When Being “In love” is a Distant Memory

Distant memory - Dollar Photo kissBeing “in love.” There’s hardly a greater feeling. There is such an emotional high involved that it’s hard to describe it to someone who has never experienced it. It is kind of like trying to explain color to someone who has been blind since birth and has no concept of what that could look like. There is no opportunity to remember a distant memory of something you never experienced in the first place.

It’s also one of those feelings that is like an elusive butterfly. It is hard to keep. That is because life has a way of causing a disturbance so it eventually flitters away. It then becomes just a distant memory. The “in love” feeling is one that most all of us want to have and keep forever with that special someone. And when we marry, believe we will. But too many are finding that they won’t.
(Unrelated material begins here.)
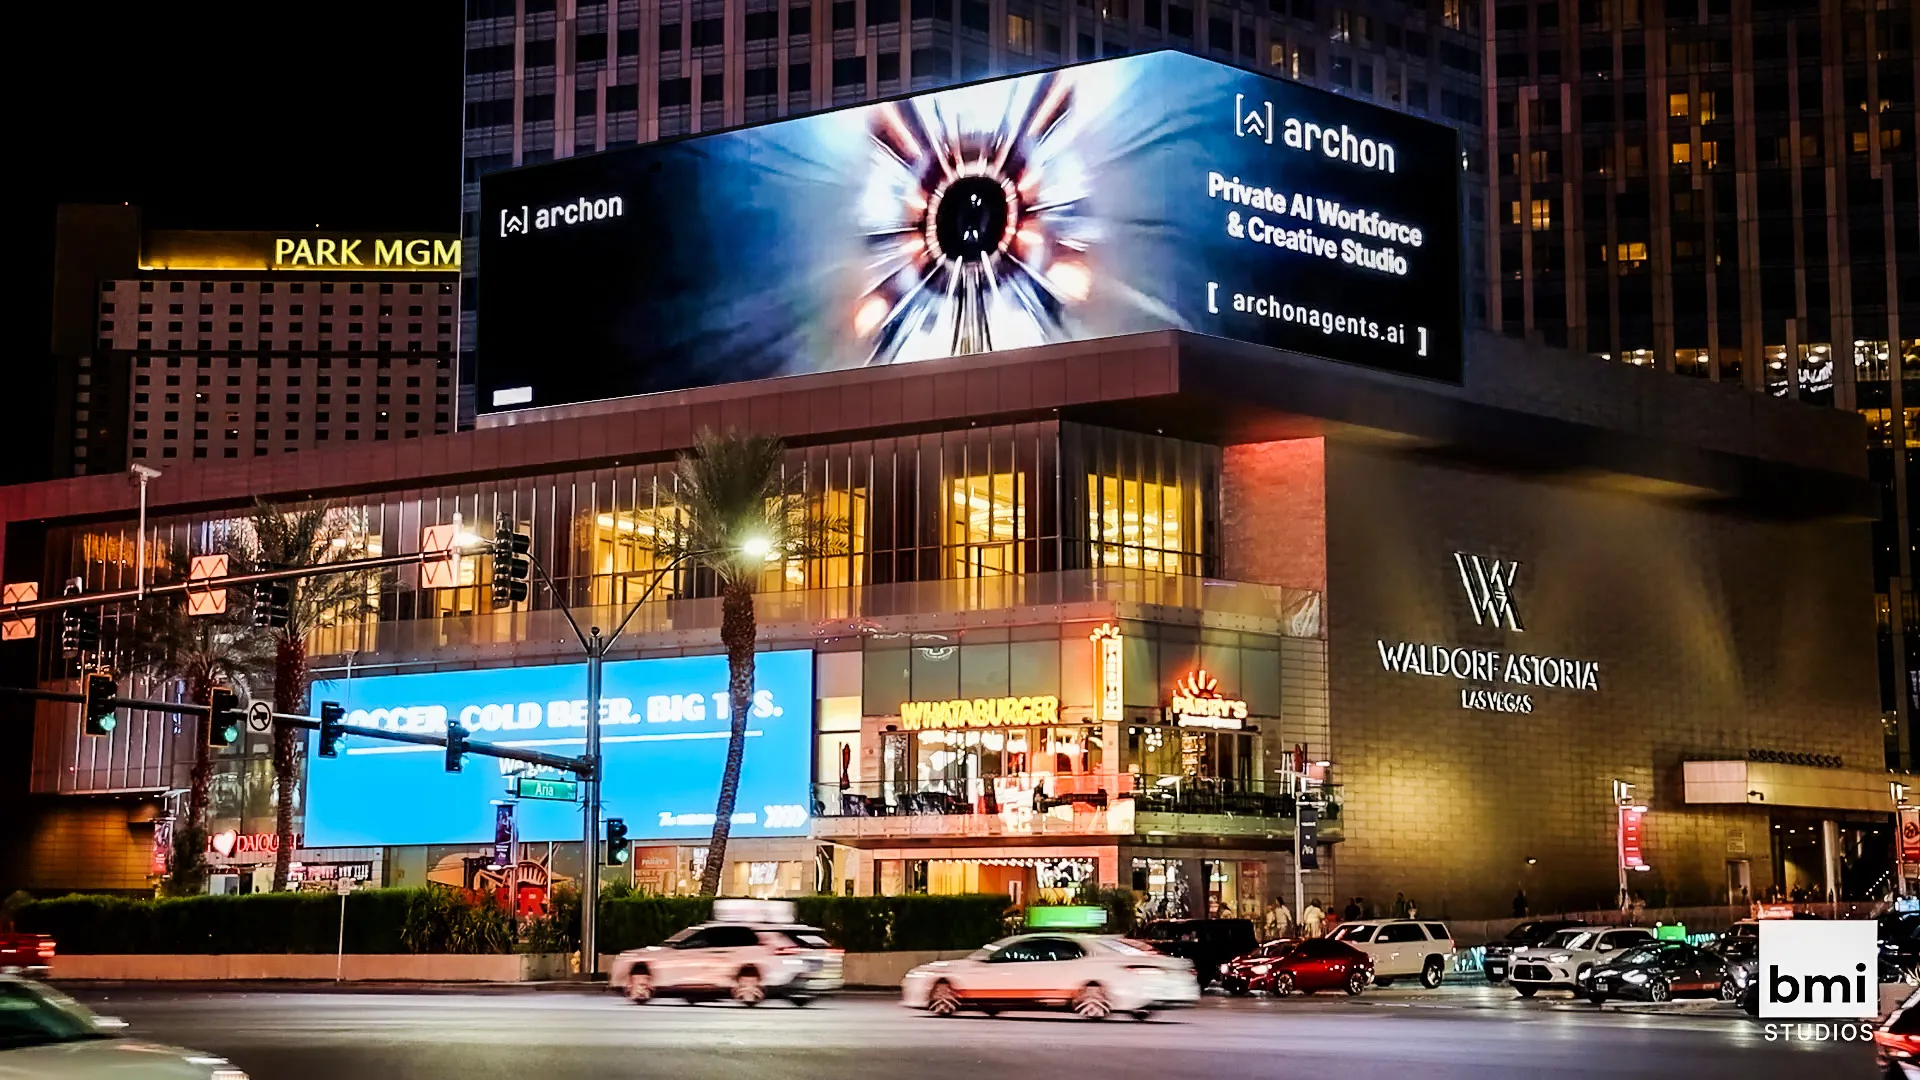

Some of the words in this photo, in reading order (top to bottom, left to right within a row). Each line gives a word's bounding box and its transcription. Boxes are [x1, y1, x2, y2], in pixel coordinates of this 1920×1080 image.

In Love Becomes a Distant Memory

I’ve got to tell you the other side, though. We hear about it almost every day in this ministry. Time and time again we hear about those ten dreaded words. Someone has been told by their spouse, “I love you but I’m not IN LOVE with you.”

I believe that statement comes straight from the pit of hell. It makes me cringe and feel sick to my stomach every time I hear it. How is it possible to love the other by saying that to them? You either love someone or you don’t. And if you love your spouse, you would never even start to think of delivering that message to them. That is… unless you knew the feeling was mutual. These words are hurtful, devastating, degrading, dishonoring, and plain out dishonest!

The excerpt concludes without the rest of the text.